Are people arguing it is unfair arguing that grandparents shouldn't love their grandchildren as much as their own children?

SeaForests · 02/10/2015 17:55

I can see all the logical reasons that this is the right thing to do.

But, speaking as someone who is childless, single and grieving deeply over it, I would find it very hard emotionally.

Money doesn't mean love, but I'm very conscious of all the additional time that my parents gave to my siblings because they needed childcare. I'm also very conscious of all the visits that I made to them which consisted of my parents showing me videos of my DNs, all the phone calls which consist of my parents telling me about cute things my DNs did.

(Through my volunteering with elderly people, I'm also hugely conscious of the financial costs of being single and childless in retirement as well.)

I think it's lovely that the OP, as someone blessed with children, has taken the time to think about the emotional and financial welfare of a sibling who is grieving never having those blessings.
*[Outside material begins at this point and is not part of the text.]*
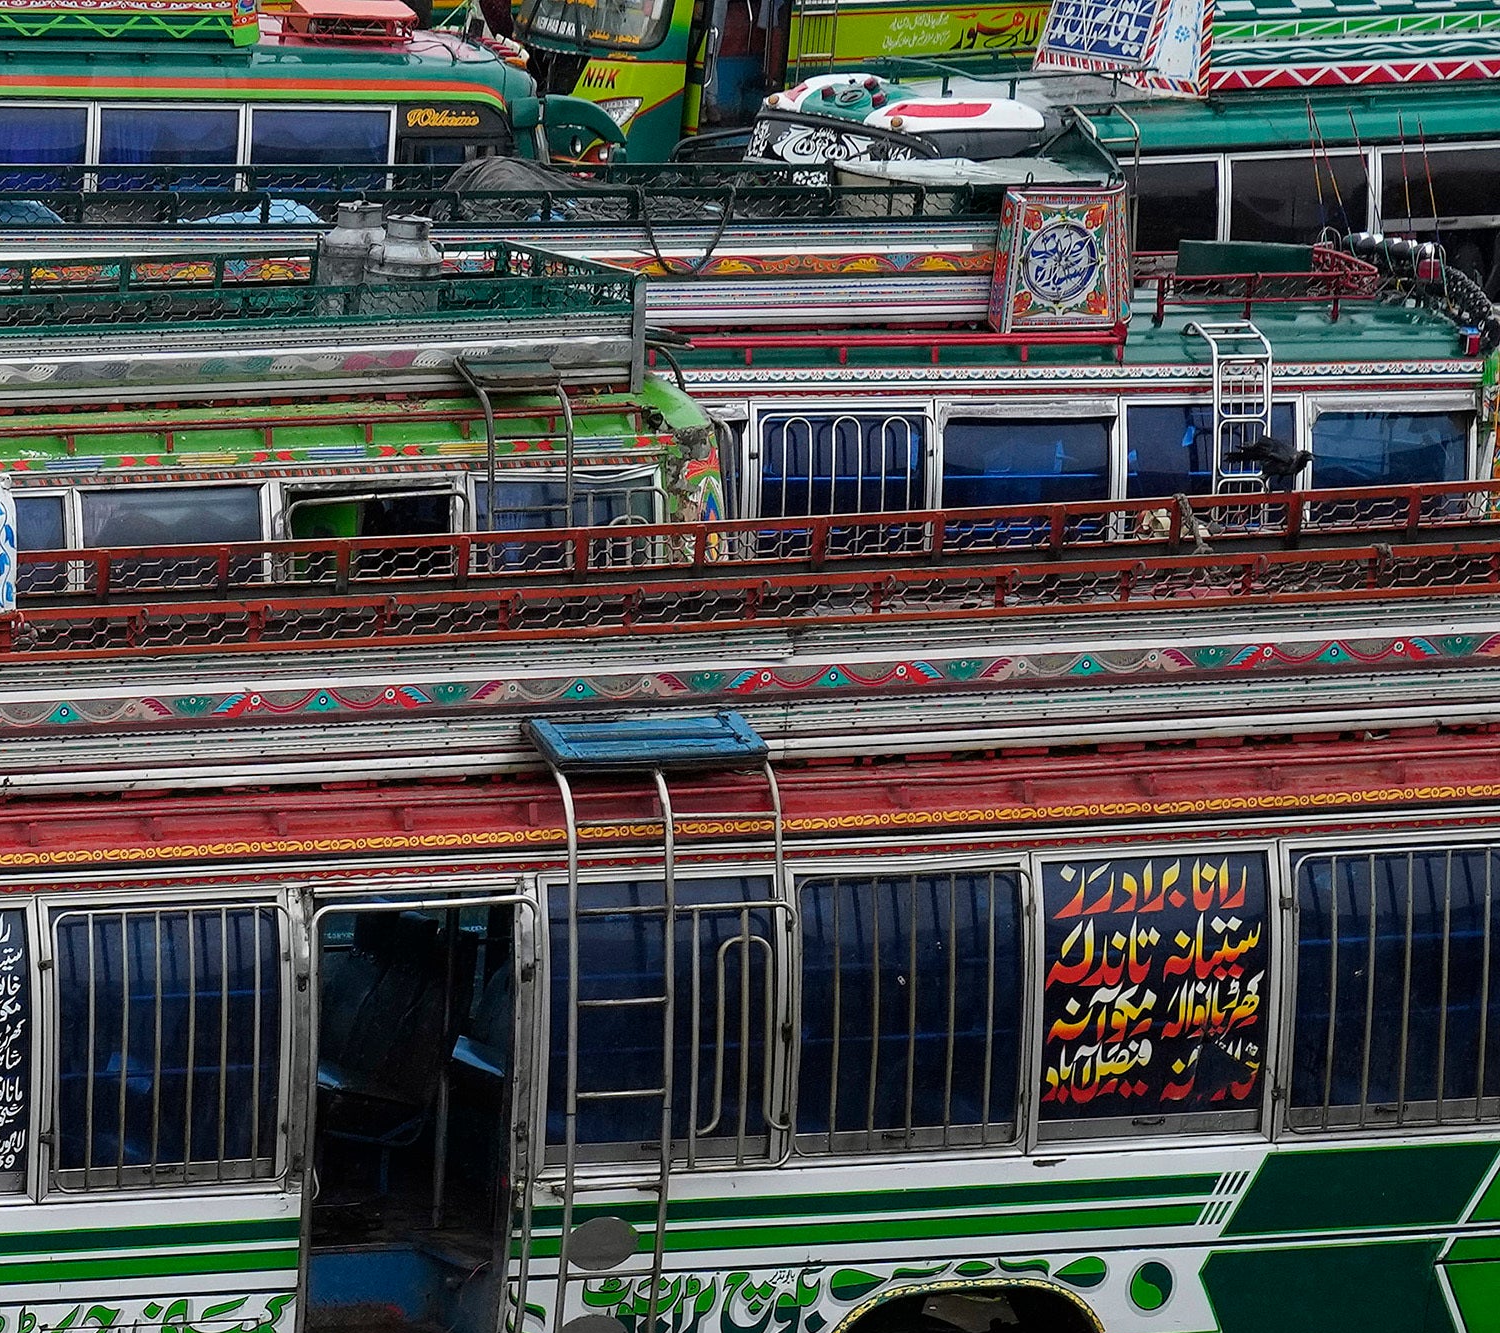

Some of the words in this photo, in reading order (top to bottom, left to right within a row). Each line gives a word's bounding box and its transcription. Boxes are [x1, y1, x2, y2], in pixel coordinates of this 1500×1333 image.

[583, 67, 620, 89] NHK
[1052, 858, 1188, 920] برادرز
[1192, 857, 1248, 912] رانا
[1163, 912, 1262, 983] ستیانہ
Scobberlotcher · 02/10/2015 17:58

This reply has been deleted

Message withdrawn at poster's request.

Andrewofgg · 02/10/2015 18:02

If I was rich, and divorced or widowed, and had, say, three children who had respectively three children, one child, and none, I would leave one third to be divided among the three, one third to the one, and one third to the child with none - treating each branch equally but skip generations where possible to avoid inheritance tax.

But that's what I'd do and by definition where wills are concerned it's up to the individual. Clients don't always grasp that their parents can cut them out for marrying the wrong person, including a person of the wrong gender or race or religion, or having the wrong opinions; and they aren't always pleased when they hear it.
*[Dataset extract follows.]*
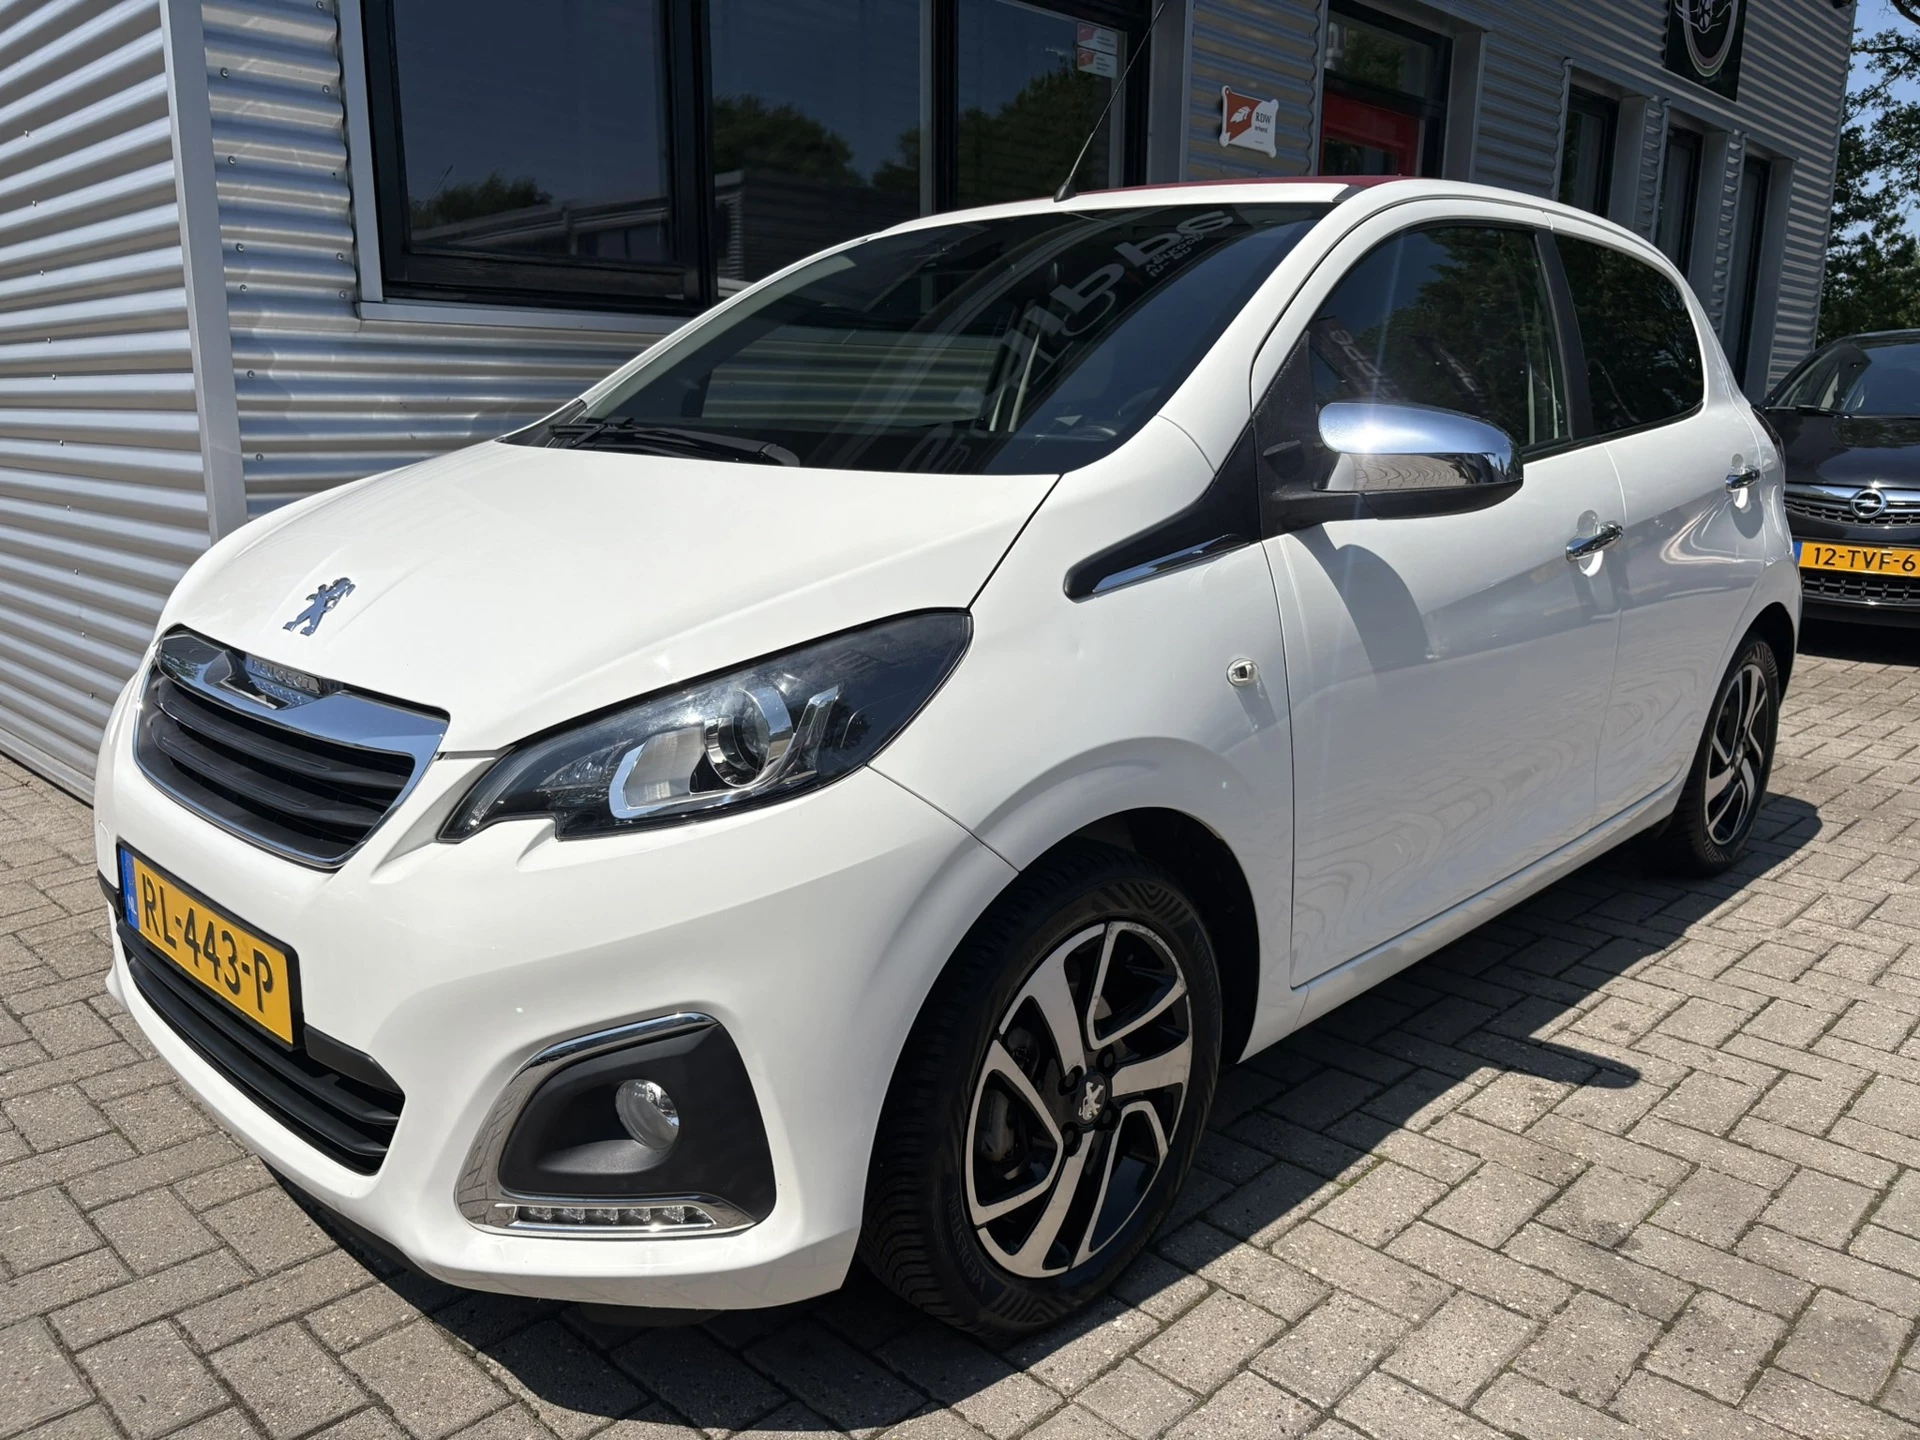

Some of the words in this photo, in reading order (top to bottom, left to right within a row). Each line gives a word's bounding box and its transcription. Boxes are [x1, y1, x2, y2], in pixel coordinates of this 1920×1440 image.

[1255, 112, 1272, 124] RDW
[1814, 547, 1917, 572] 12-TVF-6
[252, 660, 311, 690] PEUGEOT
[141, 873, 274, 1013] RL-443-P
PrincessFiorimonde · 02/10/2015 18:05

roundabout, yes, of course - I see your point. I'm just saying that it's not necessarily straightforward to separate money left to 'individuals' from money going in to each sibling's 'family pot'.

vdbfamily · 02/10/2015 18:09

My children aged 9,10 and 12 have just been left £1000 each by a great aunt who singled them out as she was closer to me than my brothers/cousins. The kids will spend it as they wish.DS has spent £180 on a remote controlled car and my 9 year old wants to put it into premium bonds. 12 year old would spend it all on clothes and make-up so I try and discourage that somewhat but she left it to them not me and not in trust either so it is their choice.
My parents plan to divide their estate between 13 GC. 2 of my brothers have 4 kids,one brother has 2 kids. I think it will be more use to the GC than to us and have no issue with more going in the direction of the brothers with 4 kids.The money is equal among the GC. However,I do not have a sibling without kids so that maybe changes things a bit.

PrincessFiorimonde · 02/10/2015 18:29

SeaForests I'm so sorry that's been your experience. I don't have children either (and also not by choice), so I know it's hard - but, luckily for me, I haven't have that fact rubbed in my face.